START DATA RECORDS

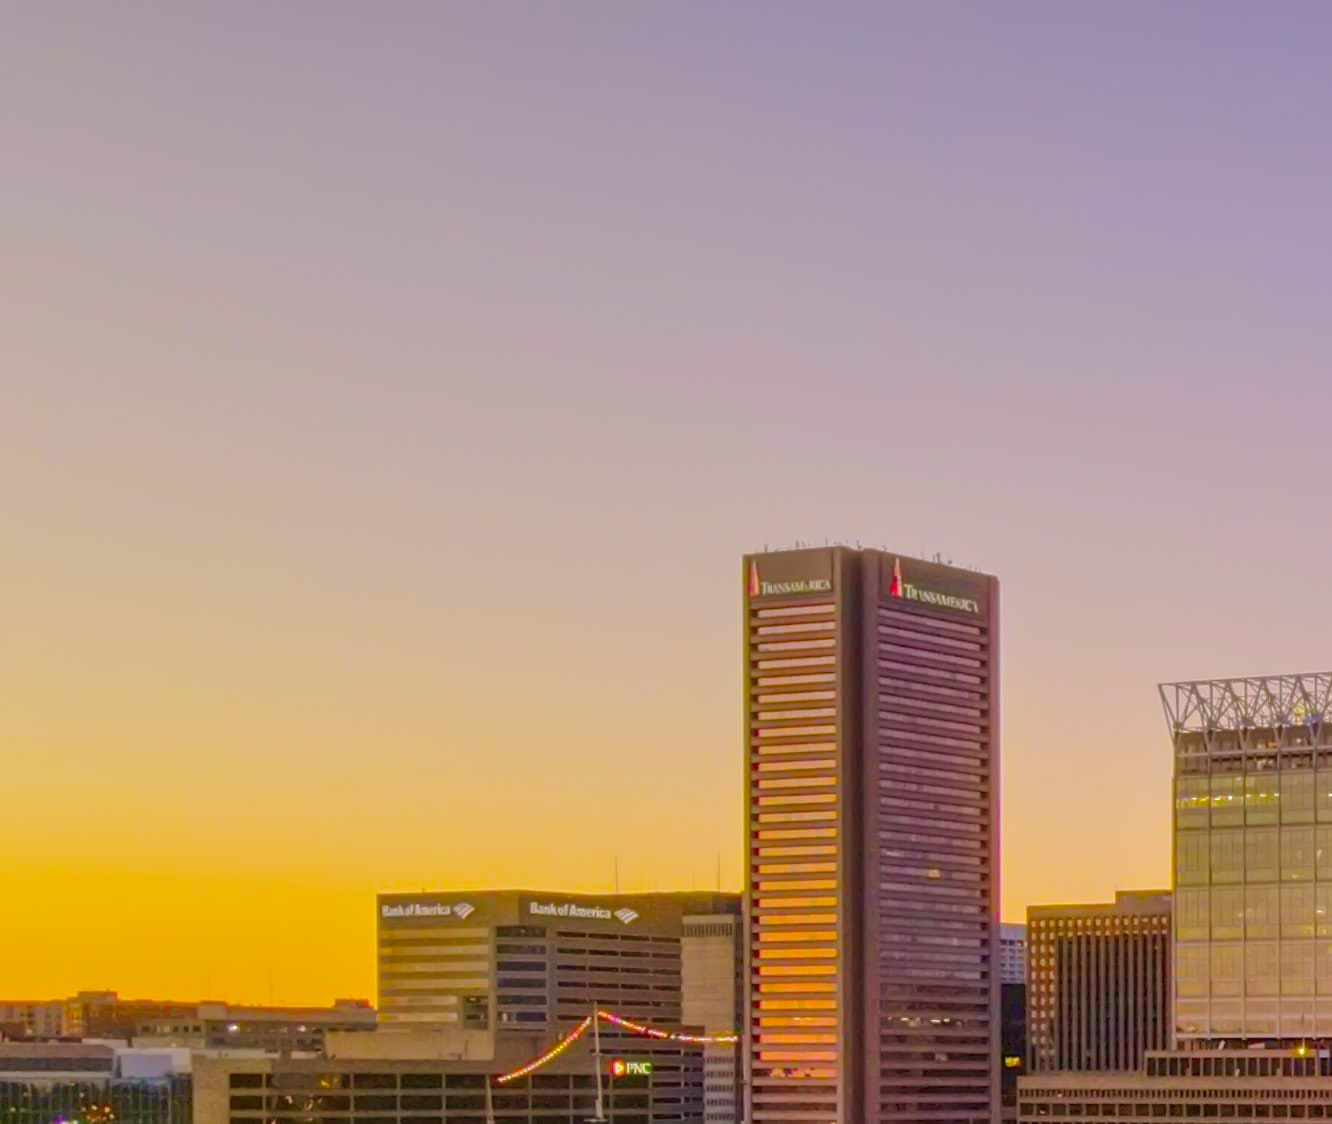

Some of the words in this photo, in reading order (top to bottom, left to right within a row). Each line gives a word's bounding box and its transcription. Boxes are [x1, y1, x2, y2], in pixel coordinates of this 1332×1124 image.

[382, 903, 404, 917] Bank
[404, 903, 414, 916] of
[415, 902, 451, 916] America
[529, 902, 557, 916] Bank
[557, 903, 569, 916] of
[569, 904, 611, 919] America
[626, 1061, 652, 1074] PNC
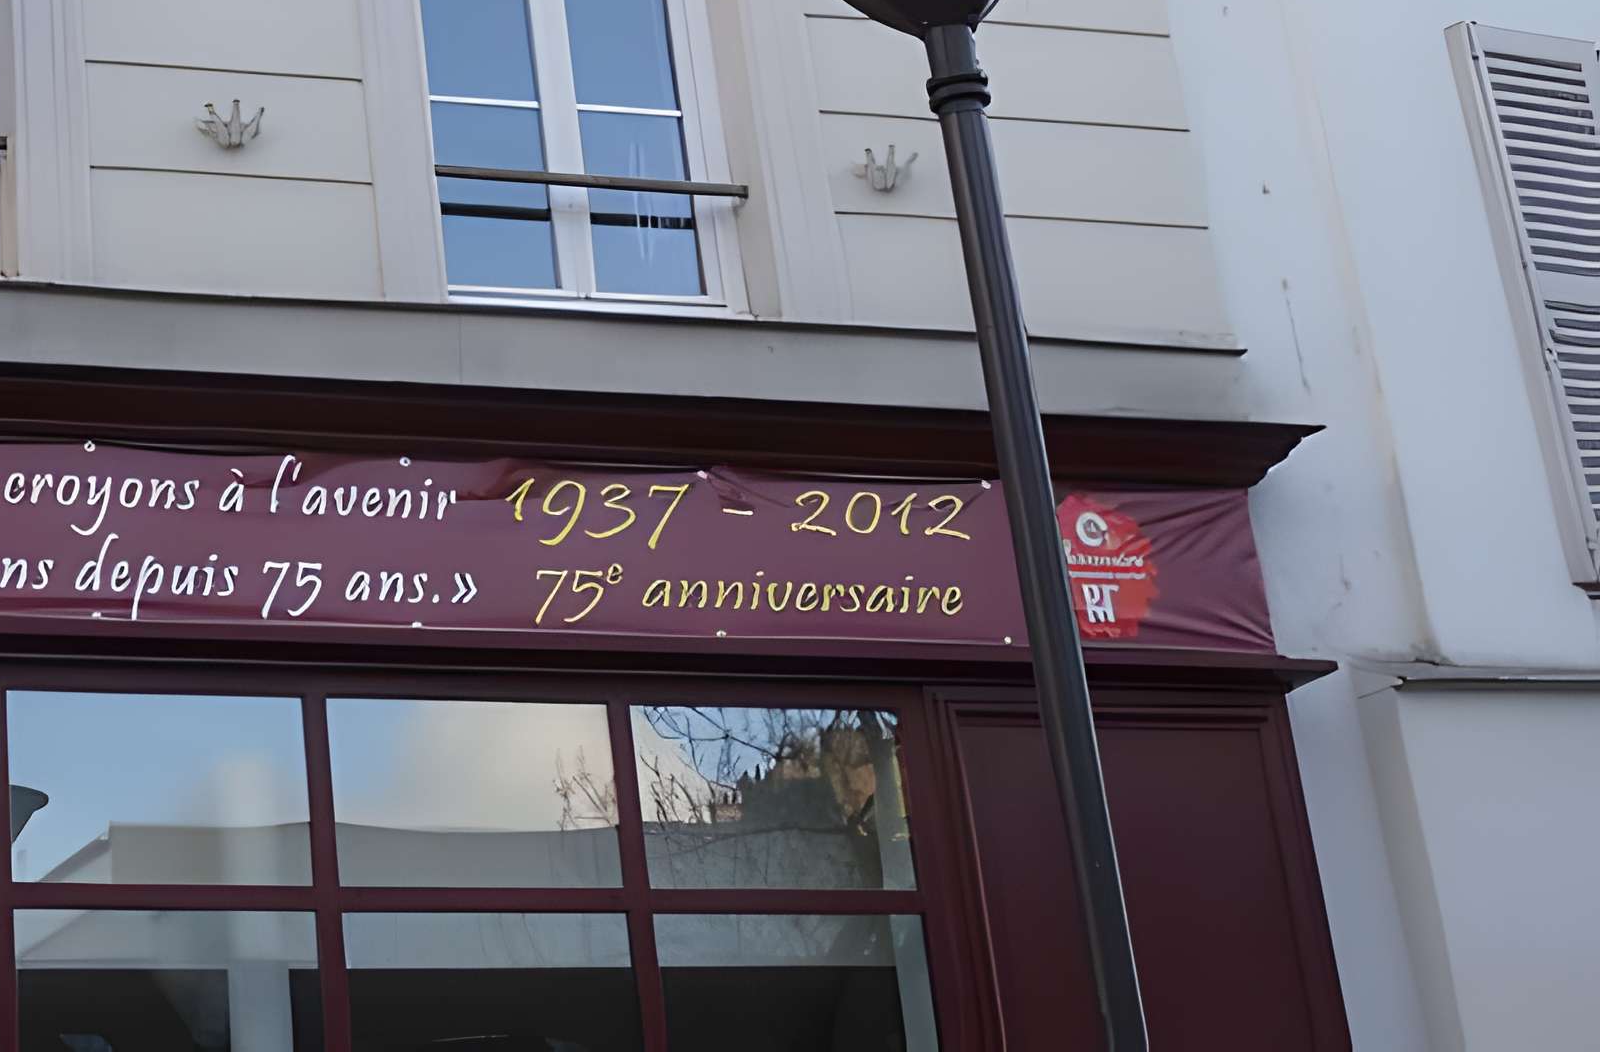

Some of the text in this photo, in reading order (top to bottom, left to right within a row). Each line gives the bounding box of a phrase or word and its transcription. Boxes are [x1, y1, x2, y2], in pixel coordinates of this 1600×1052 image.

END DATA RECORDS

Reproduce the material word for word, but without its images.

Some of the words in this photo, in reading order (top to bottom, left to right within a row). Each line gives a word's bounding box and its transcription. Boxes are [x1, y1, x2, y2], in pixel coordinates of this 1332×1124 image.

[382, 903, 404, 917] Bank
[404, 903, 414, 916] of
[415, 902, 451, 916] America
[529, 902, 557, 916] Bank
[557, 903, 569, 916] of
[569, 904, 611, 919] America
[626, 1061, 652, 1074] PNC

Some of the text in this photo, in reading order (top to bottom, left to right within a row). Each line gives the bounding box of a phrase or word and its transcription. Boxes are [x1, y1, x2, y2], in pixel coordinates of this 1600×1052 image.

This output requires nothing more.